You can’t ignore technology or what AI is introducing. It’s used to amplify, not generate. Learn your field and target market for the WHO you are writing for in depth.

3. Become Fluent in AI the Way Your Generation Became Fluent in the Internet—

Think back when the internet first popped up … it was the mid-90s. Some viewed it like a toy. I was an early embracer. My introduction was early to the world and the power of word processing when I screwed up and lost an entire book manuscript not knowing what I was doing—quickly I learned the power of copy/paste/save/store, etc., on a word processor I leased to speed up the writing pulled from my memory. My fingers had never moved so fast! As the internet flowed, I jumped on, owning my own name domains immediately, having a pro build a website exclusively for speaking that built a million dollar calendar.

Gulp, this is what the speed of AI has introduced. Finding the parts that will work for you, is what you are looking for. Remember “assist” vs “generated.” No matter your age or experience level, technology is not disappearing. Be curious. Be smart. Know what AI can do … what it can’t do … and what it shouldn’t do.

4. Build a Specific Reputation, Not a General One—

We’ve all seen or heard about it … the teen or 20 something that has become a sensational influencer with a gazillion followers on TikTok, Instagram, or YouTube. When I started publishing, there was no email, the internet and social media hadn’t breathed. Snail mail and the phone—as in landlines, were our marketing tools. And for the 80s, 90s, 2000s, it was basically the norm and good enough. That changed as emails, smart phones, and social media made their debuts.
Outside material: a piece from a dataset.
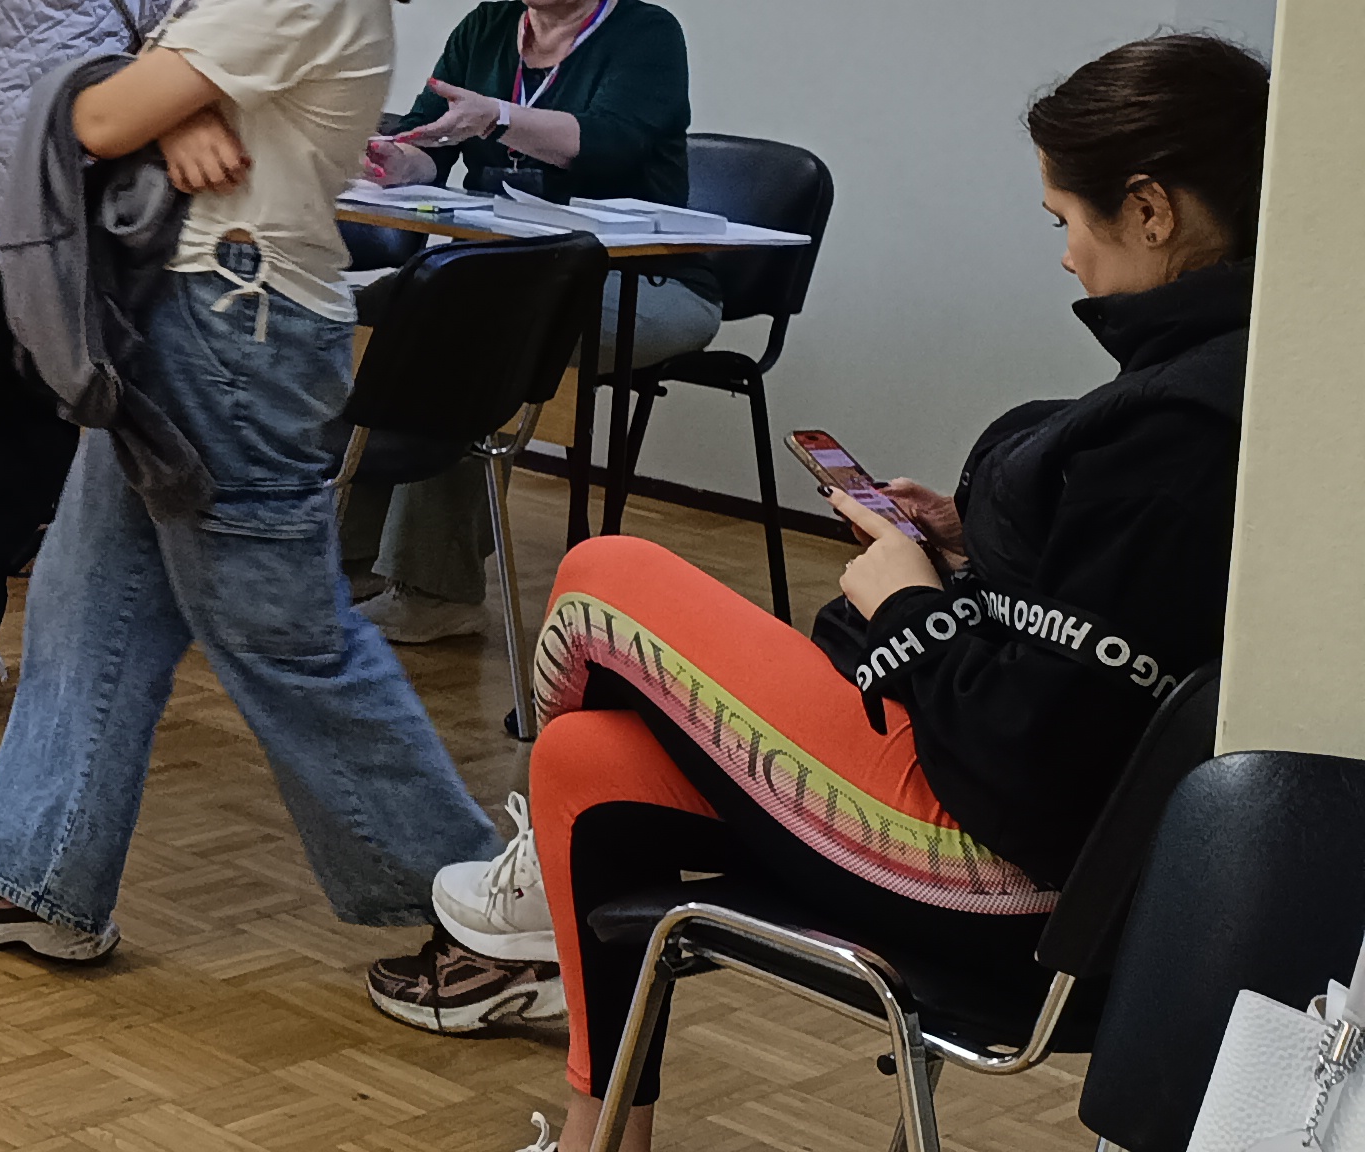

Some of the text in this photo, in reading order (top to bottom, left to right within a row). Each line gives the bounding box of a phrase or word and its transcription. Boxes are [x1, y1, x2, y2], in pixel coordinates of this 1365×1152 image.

Oh, there were “overnight” sensations, but oh so few. Usually what was deemed overnight could take many years to seed, fertilize, and grow. Now, it can happen quickly—very quickly. I had done well with my first 20 books. But oh my, the next one and seven years later, I landed on People magazine as a cover story on one of my books with four pages on my work and me in the interior. And yes, I was publishing two to three books a year.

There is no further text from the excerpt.